Configure Debugger Framework Profiling - Amazon SageMaker

Configure Debugger Framework Profiling

To enable Debugger framework profiling, configure the framework_profile_params parameter when you construct an estimator. Debugger framework profiling collects framework metrics, such as data from initialization stage, data loader processes, Python operators of deep learning frameworks and training scripts, detailed profiling within and between steps, with cProfile or Pyinstrument options. Using the FrameworkProfile class, you can configure custom framework profiling options.

Note

Before getting started with Debugger framework profiling, verify that the framework used to build your model is supported by Debugger for framework profiling. For more information, see Supported Frameworks and Algorithms.

Debugger saves the framework metrics in a default S3 bucket. The format of the default S3 bucket URI is s3://sagemaker-<region>-<12digit_account_id>/<training-job-name>/profiler-output/.

Start a Training Job with the Default System Monitoring and Framework Profiling

The following example code is the simplest profiler_config parameter setting to start the default system monitoring and the default framework profiling. The FrameworkProfile class in the following example code initiates the default framework profiling when a training job starts. Debugger framework profiling includes the following options: detailed profiling, data loader profiling, and Python profiling.

from sagemaker.debugger import ProfilerConfig, FrameworkProfile profiler_config=ProfilerConfig( framework_profile_params=FrameworkProfile() )

With this profiler_config parameter configuration, Debugger calls the default settings of monitoring and profiling. Debugger monitors system metrics every 500 milliseconds; profiles the fifth step with the detailed profiling option; the seventh step with the data loader profiling option; and the ninth, tenth, and eleventh steps with the Python profiling option.

To find available profiling configuration options, the default parameter settings, and examples of how to configure them, see Start a Training Job with the Default System Monitoring and Customized Framework Profiling with Different Profiling Options and SageMaker Debugger APIs – FrameworkProfile in the Amazon SageMaker Python SDK.

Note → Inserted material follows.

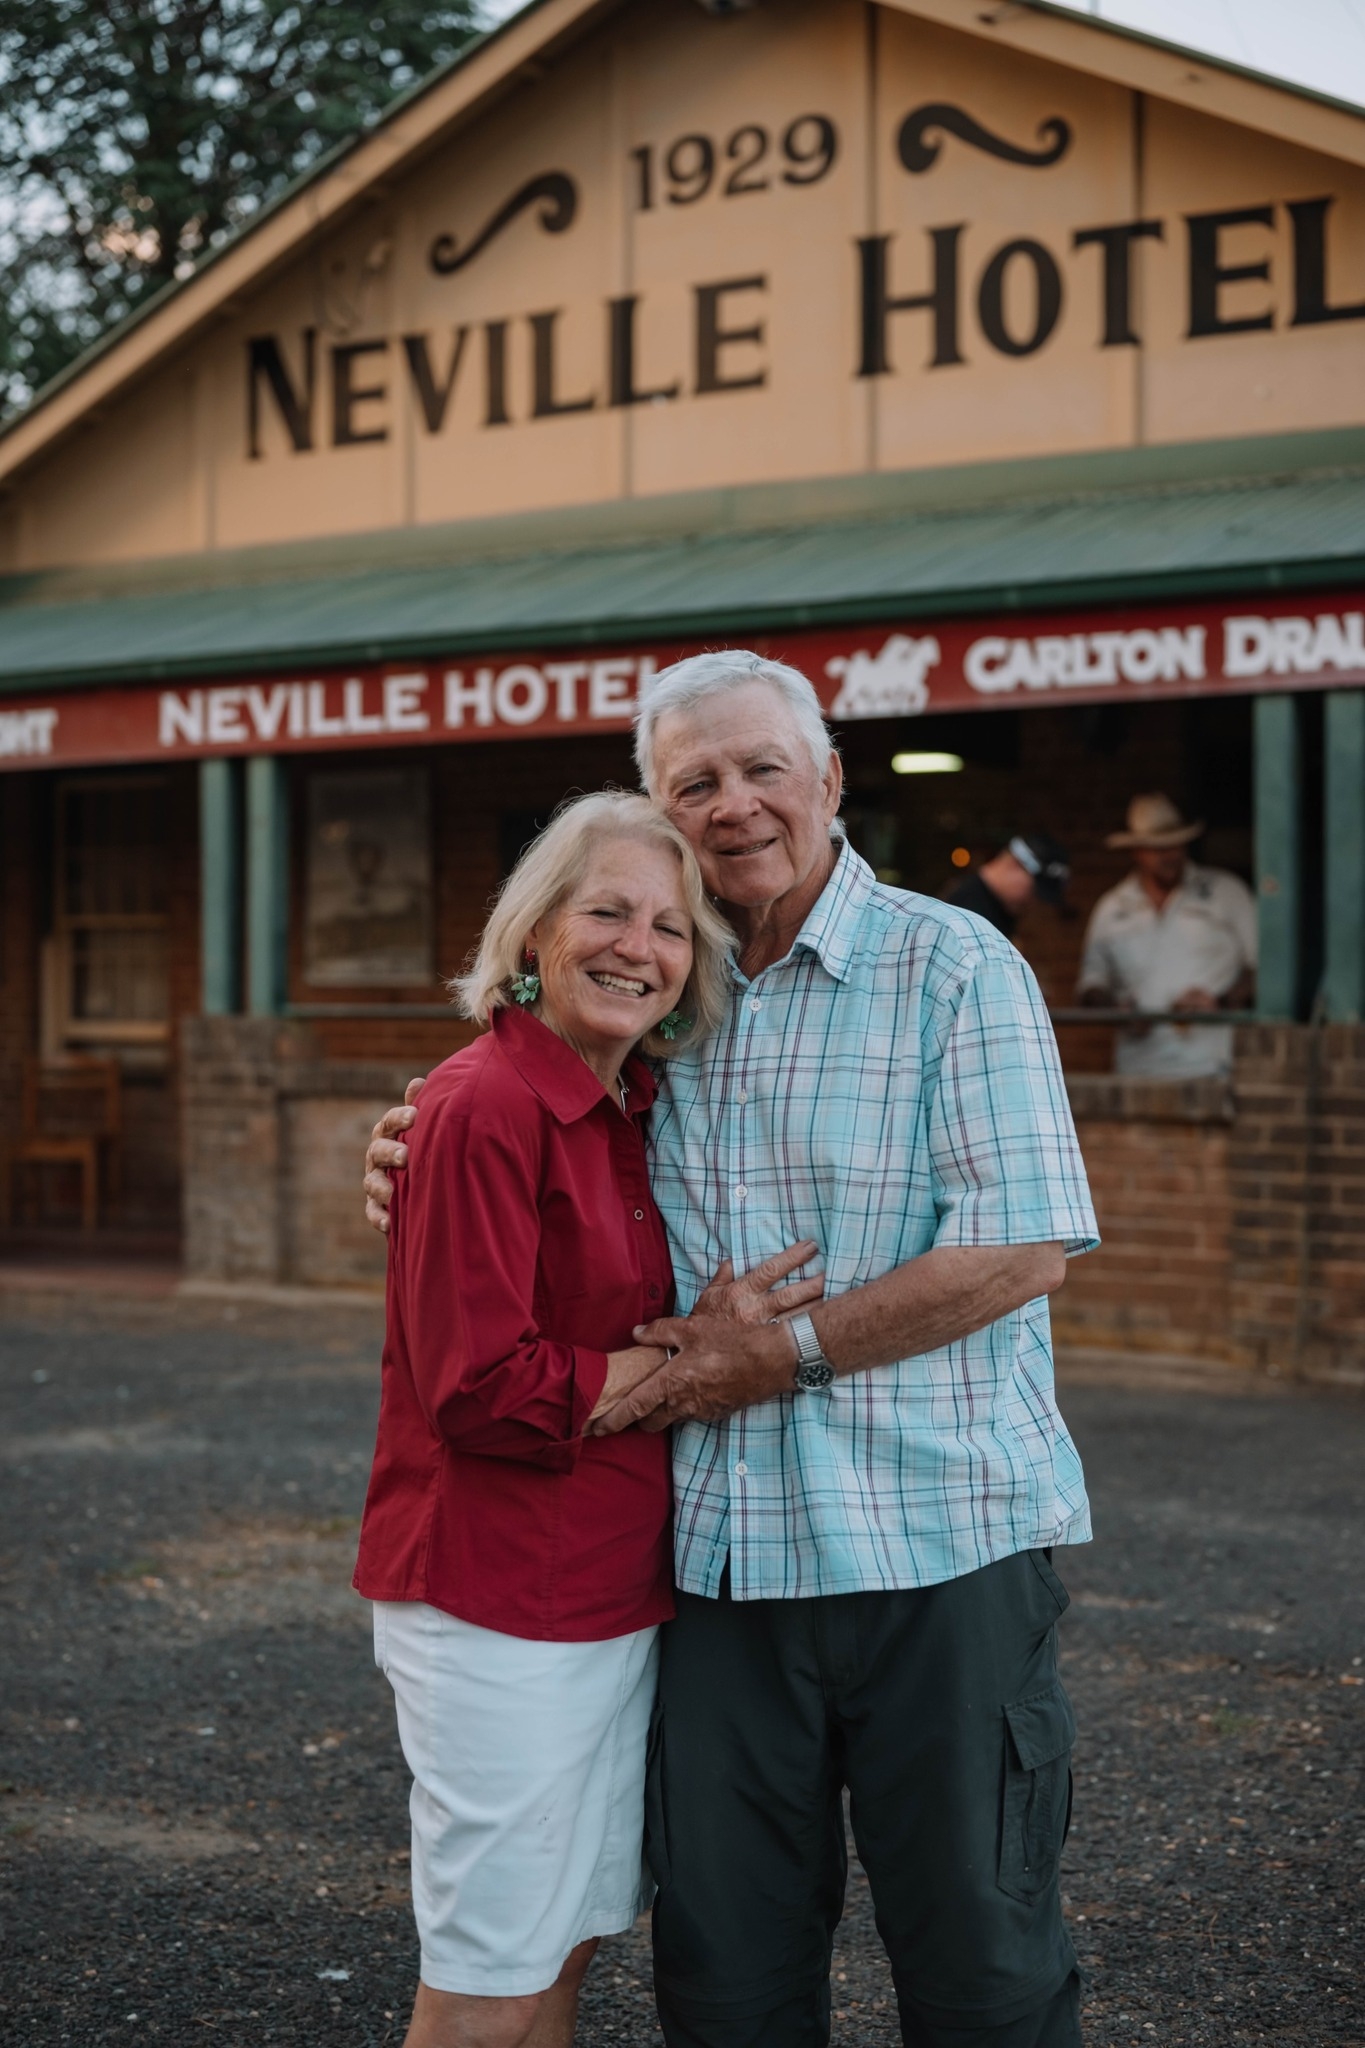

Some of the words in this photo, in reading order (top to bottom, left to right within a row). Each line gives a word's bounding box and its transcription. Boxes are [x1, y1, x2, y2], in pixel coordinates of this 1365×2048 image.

If you want to change the system monitoring interval and enable the default framework profiling, you can specify the system_monitor_interval_millis parameter explicitly with the framework_profile_params parameter. For example, to monitor every 1000 milliseconds and enable the default framework profiling, use the following example code.

from sagemaker.debugger import ProfilerConfig, FrameworkProfile profiler_config=ProfilerConfig( system_monitor_interval_millis=1000, framework_profile_params=FrameworkProfile() )

For more information about the FrameworkProfile class, see SageMaker Debugger APIs – FrameworkProfile in the Amazon SageMaker Python SDK.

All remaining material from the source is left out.